Friday, April 6, 2018

Legislature sends governor two Medicaid drug measures, one to help independent pharmacies and the other to help consumers

By Melissa Patrick
Kentucky Health News

FRANKFORT, Ky. -- A bill to allow pharmacists to tell their patients the least expensive way to pay for their medications and one to put the state back in direct charge of its Medicaid drug program have received final passage and are on the desk of Gov. Matt Bevin.

Sen. Max Wise
A revised version of Senate Bill 5, sponsored by Sen. Max Wise, R-Campbellsville, would put the Medicaid department in charge of setting the reimbursement rates for pharmacists. These rates are now set by pharmacy benefit managers, hired by the Medicaid managed-care organizations that handle Medicaid for the state -- but with no accountability to state Medicaid officials.

“The Kentucky legislature has spent an inordinate amount of time over the past several sessions of the General Assembly trying to play the role of policeman between PBMs and pharmacists,” Wise told the Senate. “The House committee substitute gives the Kentucky Medicaid department clear authority to police pricing terms and contracts.”

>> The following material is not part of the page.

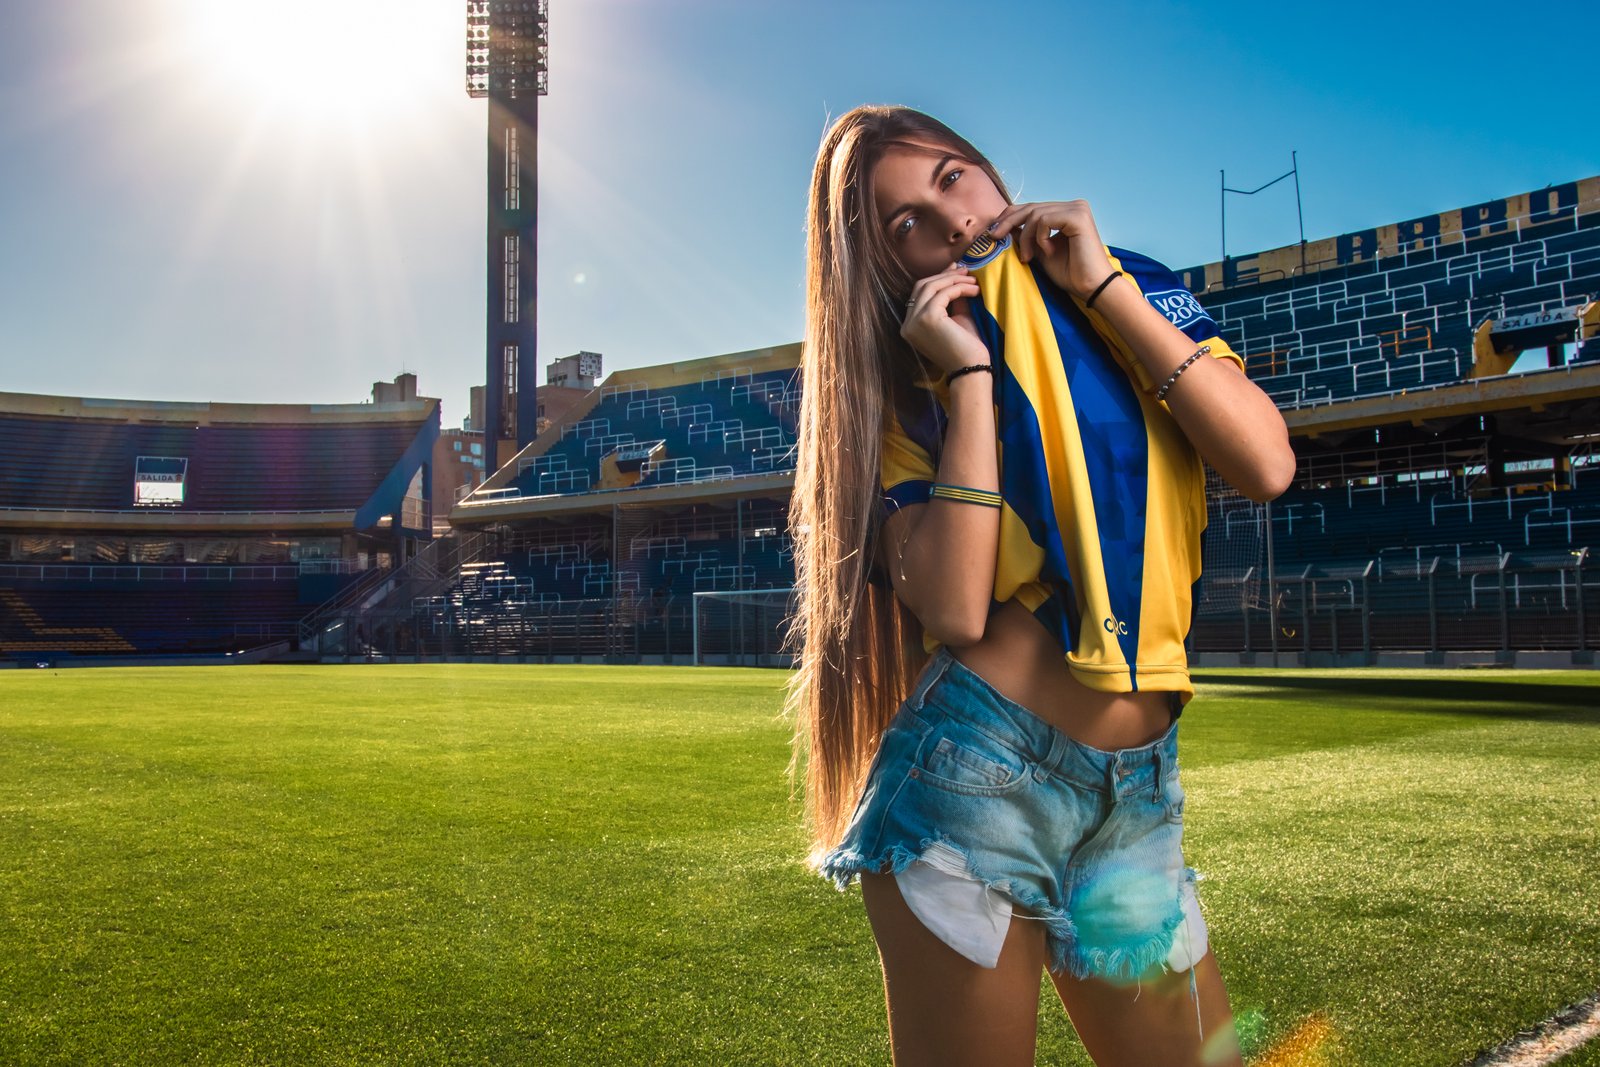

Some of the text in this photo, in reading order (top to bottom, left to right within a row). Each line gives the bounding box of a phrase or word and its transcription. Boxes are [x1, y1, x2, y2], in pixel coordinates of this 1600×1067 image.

[1154, 293, 1200, 312] VOS
[1166, 303, 1209, 325] 200
[1502, 312, 1563, 329] SALIDA

Wise has said he filed the bill because PBMs are paying independent pharmacies such low fees for dispensing prescriptions that many are at risk of closing. The fees are as low as 85 cents per prescription. The Centers for Medicare and Medicaid Services says it should be around $10.64, plus the cost of the drug being dispensed.

The pharmacy chain CVS has a PBM subsidiary that contracts with four of the five managed-care organizations. The chain has asked some independent pharmacies to place a value on their businesses and consider selling.

The original bill called for independent pharmacists to be paid this amount, but the Cabinet for Health and Family Services said this mandate would cost $36 million a year. That prompted the House to change the bill to say the Department for Medicaid Services would determine reimbursements.

The bill also allows the department to regulate contracts between the managed-care organizations, PBMs and pharmacists; requires more transparency in how the PBMs spend the $1.7 billion a year they get to process prescriptions; and gives the department and the Department of Insurance authority to penalize the MCOs and PBMs for noncompliance.

The amended version of SB 5 passed the House 97-0 on March 20 and passed the Senate April 2 by a 37-0 vote.

Rep. Michael Meredith
House Bill 463, sponsored by Rep. Michael Meredith, R-Brownsville, would prohibit PBMs from requiring clients to make a co-payment that is higher than an optional cash-payment amount, and keeps PBMs from penalizing a pharmacy for telling patients if that option is available.

The practice of charging a co-pay that is higher than the full cost of the drug is called a "clawback," because the PBM "claws back" the extra money from the pharmacy. For example, if a patient's co-pay is $10, but the drug costs only $5, the PBM may require the pharmacist to charge $10 and not say it can be bought more cheaply; the PBM pockets the difference.

A recently published study at the University of Southern California, using data from 2013, found that customers overpaid for their prescriptions 23 percent of the time, with an average overpayment of $7.69, which totaled $135 million during a six month period, Kaiser Health News reports.

Meredith told the House that the PBMs support HB 463. It passed both houses without opposition.